■ **Your task**
Your answer should consist of the listing, repeated exactly.

=== Data for review ===

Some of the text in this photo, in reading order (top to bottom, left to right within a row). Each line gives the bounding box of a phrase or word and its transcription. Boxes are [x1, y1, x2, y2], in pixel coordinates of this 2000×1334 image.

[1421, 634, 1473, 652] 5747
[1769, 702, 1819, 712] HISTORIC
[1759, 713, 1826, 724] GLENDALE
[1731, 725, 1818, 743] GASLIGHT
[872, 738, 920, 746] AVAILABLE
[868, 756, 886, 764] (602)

===

■ **Output for this exercise**
Some of the text in this photo, in reading order (top to bottom, left to right within a row). Each line gives the bounding box of a phrase or word and its transcription. Boxes are [x1, y1, x2, y2], in pixel coordinates of this 2000×1334 image.

[1421, 634, 1473, 652] 5747
[1769, 702, 1819, 712] HISTORIC
[1759, 713, 1826, 724] GLENDALE
[1731, 725, 1818, 743] GASLIGHT
[872, 738, 920, 746] AVAILABLE
[868, 756, 886, 764] (602)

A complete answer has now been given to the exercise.